Naturally, I would like to express my apologies to the offended party and confirm that all other statements made in the article were 100% correct, for the most part. 

And so on to the main subject: Americans. 

I like Americans and recently I met a few more of them. They were from Texas, to be exact, where they drive trucks three times too big and have a habit of losing their guns in the seat pockets. 

But Texas is also the land of big business. In my travels there I met a gentlemen named Andrew Volleman. Andrew and his family moved from their home in the Netherlands to Texas in 1993, in search of opportunities to grow their dairy business and allow future generations of Vollemans to take their place within it. 

Starting with 100 cows, the Vollemans now milk 5000 a day, supplying their own brand of milk in glass bottles across the state.  

The glass bottles were important to the Vollemans as they wanted to demonstrate their commitment to sustainability and also stand out in the marketplace. The big sticking point with this was the supermarkets, who were happy to sell the Vollemans’ milk, but not collect their empty bottles. 

Ultimately, the Volleman’s Family Farm brand was so strong that the supermarkets gave in to consumer demand and started collecting the Vollemans’ bottles and processing the customers’ $2 deposit. A big turnaround from a previous “hard no”. The Volleman’s brand is now so strong that in 2021 it was appointed the official milk supplier of the Dallas Cowboys.

There were a lot of things I took from the Volleman’s story but two stood out. 

The first is that supermarkets can be brought to heel if your brand is strong enough and consumer demand is great enough. 

The second is that scale was a strong component of that success. It enabled the Vollemans to access the capital and bring on the marketing muscle necessary to build a highly successful brand. 

Moving nearly 12,000km southwest from Texas we find ourselves back in our wee land of milk and honey, New Zealand. Scale and capital are not two things that you readily associate with our fine young country. 

They are, in fact, the two things that are badly holding us back. However, looking forward I think that may be about to change. 

NZ farmers are continuing to get bigger because they have no choice. We have few strong brands so the only way to stay in business is to chase profitability via economies of scale. 

But continuing to grow within the context of increasing market and climatic volatility is going to require the support of increasingly large and sophisticated investors. 

These investors will see the value in food production investments, especially within a world increasingly focused on food security, but these same investors won’t tolerate the poor and lumpy economic returns that the average farmer does. Nor will they accept the terms of trade currently offered by our four major banks.

These investors will start chasing market power like the Vollemans did. 
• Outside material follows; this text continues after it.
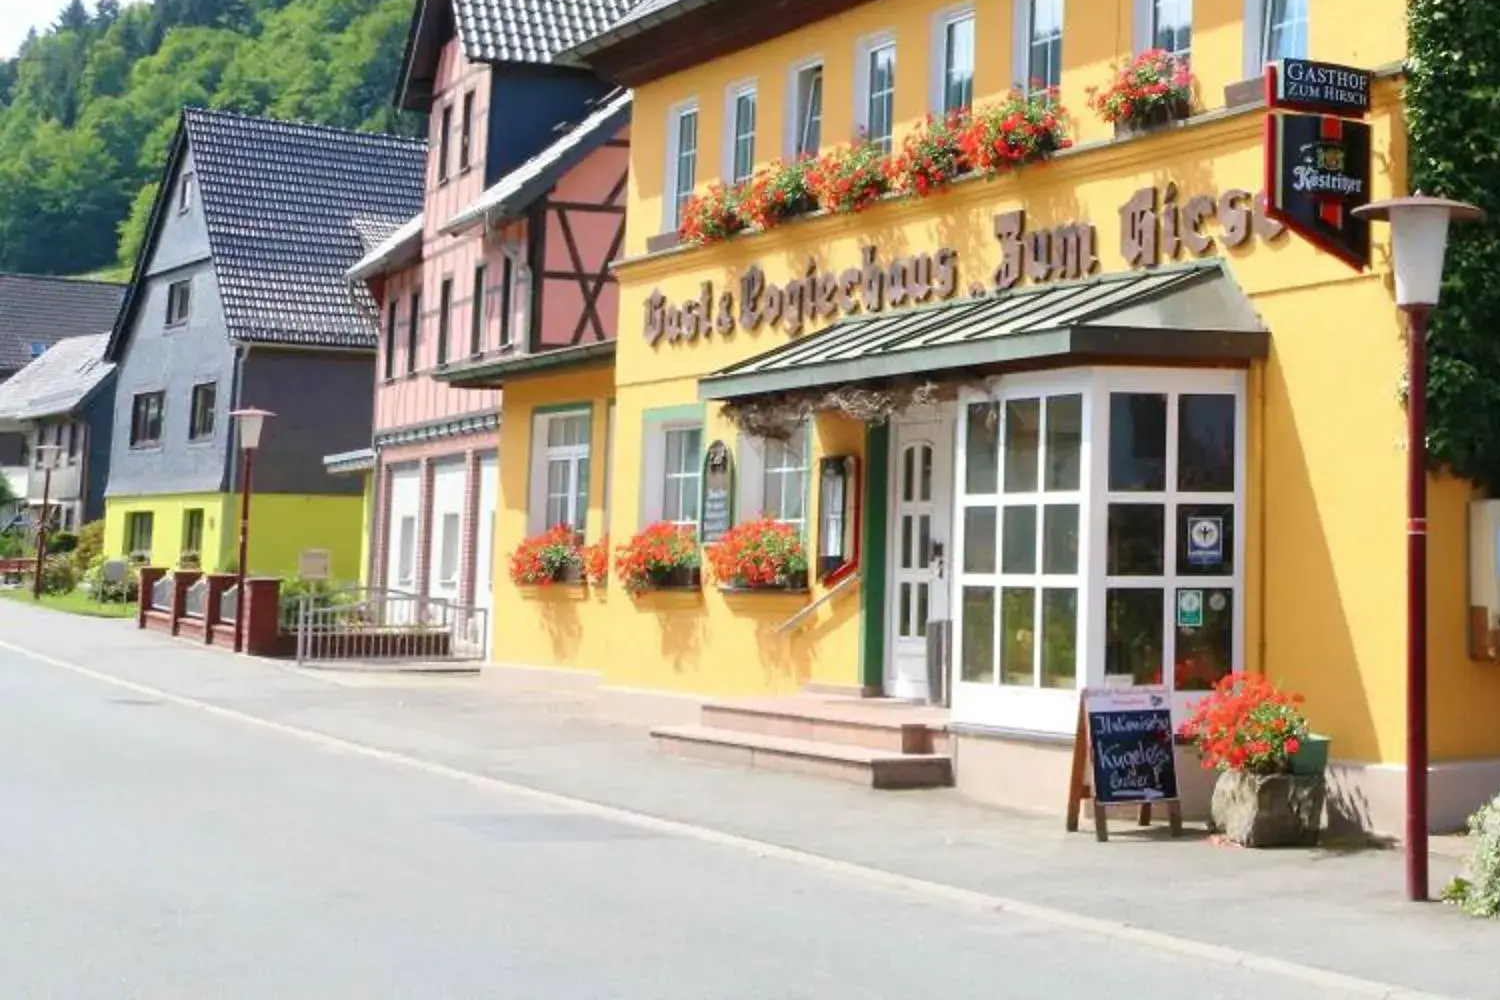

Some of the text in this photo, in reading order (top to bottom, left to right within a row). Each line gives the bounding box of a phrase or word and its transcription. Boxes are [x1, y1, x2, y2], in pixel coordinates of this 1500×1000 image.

My guess is that they will look to where they can create market power within their various parts of the sector. They may look to form new and stronger co-operatives, or create products instead of commodities, or create brands that are so strong that value is captured by the grower and not the retailer. 

They may also drive to create the formation of lending institutions such as Germany’s Rentenbank, which supports the development of agribusiness through low-interest loans. 

I have no clue what approaches they will eventually employ, but I know for certain that they won’t accept the status quo.  

No one wants to see vast tracts of NZ farmland empty of the small towns and communities that were once such an important part of its fabric. Unfortunately, the great land consolidation ship has sailed, and I doubt there’s anything that’s going to turn it back. 

But if it’s any comfort, it may ultimately drive the change that is so badly needed by the sector and return the profitability back to those who actually own the means of production. 

We just need to hang on until it does.